**Work order**
Quote the whole listing word for word. Do not include the pictures.

---------- Material for this task

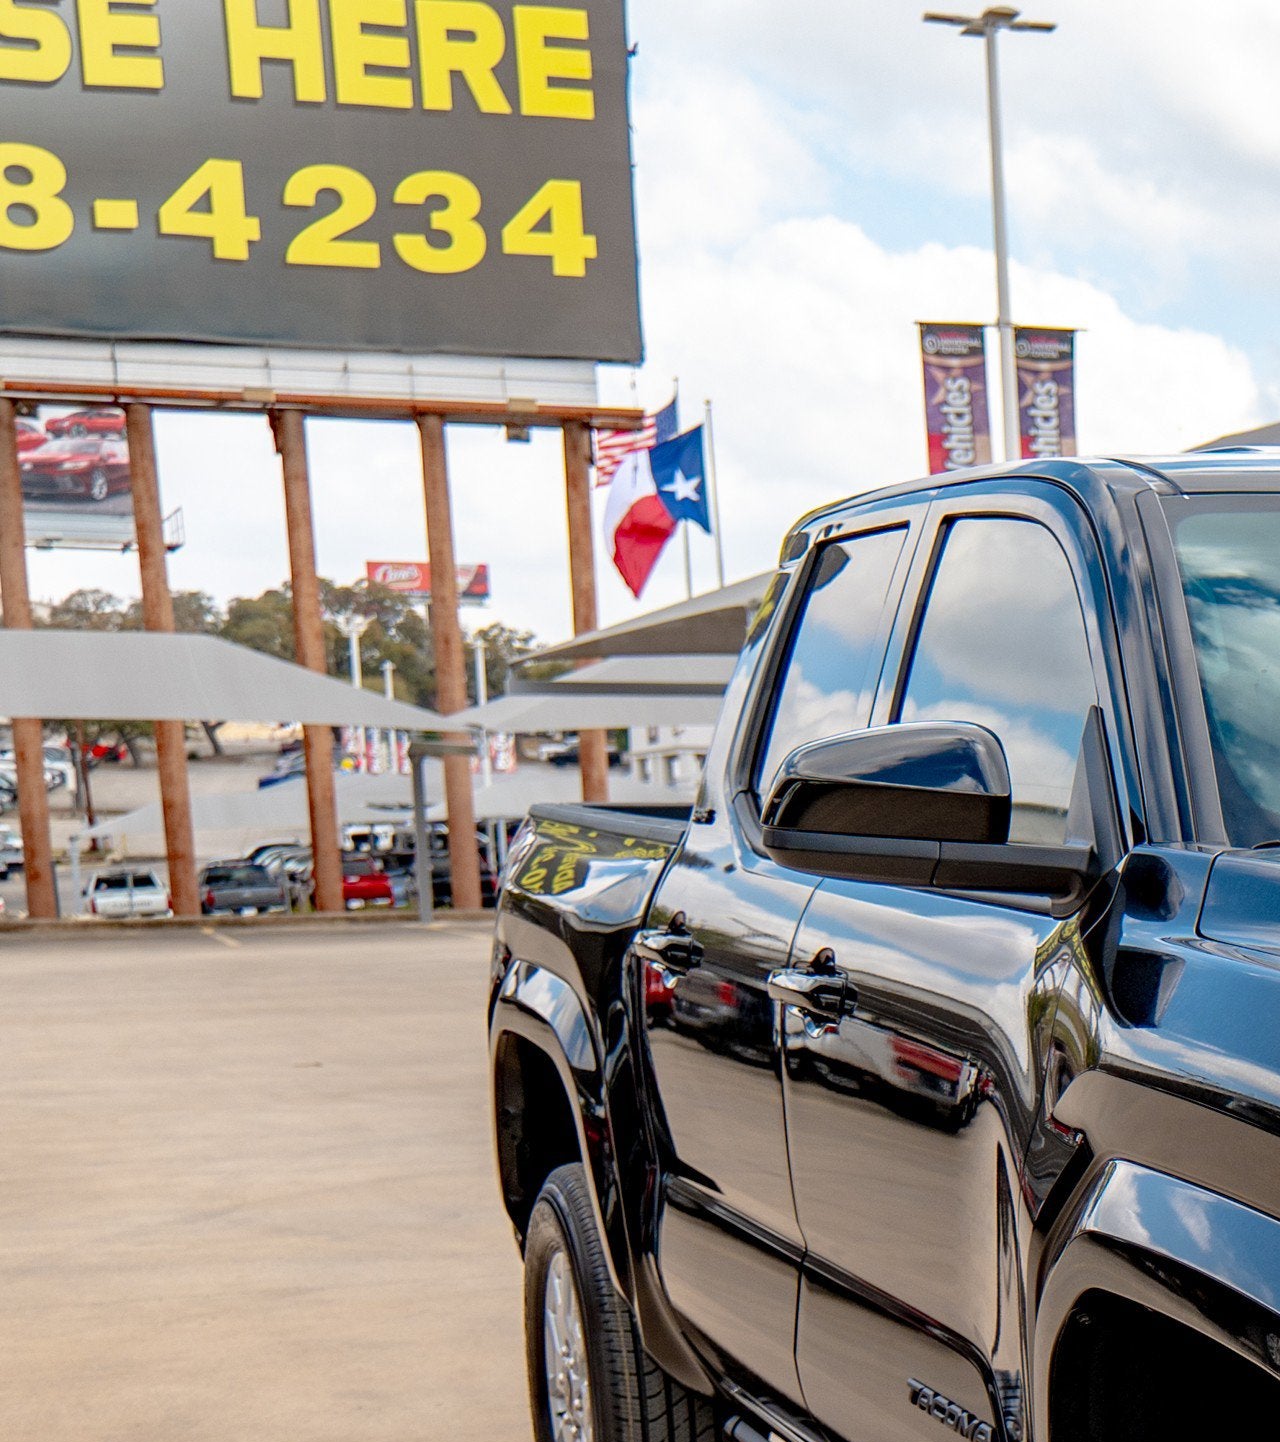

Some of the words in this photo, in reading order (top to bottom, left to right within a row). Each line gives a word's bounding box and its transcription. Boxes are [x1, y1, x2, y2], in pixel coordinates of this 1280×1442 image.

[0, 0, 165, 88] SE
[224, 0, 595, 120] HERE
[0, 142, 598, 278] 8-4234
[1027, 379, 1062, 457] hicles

--------------------

**Solution to this problem**
Some of the words in this photo, in reading order (top to bottom, left to right within a row). Each line gives a word's bounding box and its transcription. Boxes are [x1, y1, x2, y2], in pixel coordinates of this 1280×1442 image.

[0, 0, 165, 88] SE
[224, 0, 595, 120] HERE
[0, 142, 598, 278] 8-4234
[1027, 379, 1062, 457] hicles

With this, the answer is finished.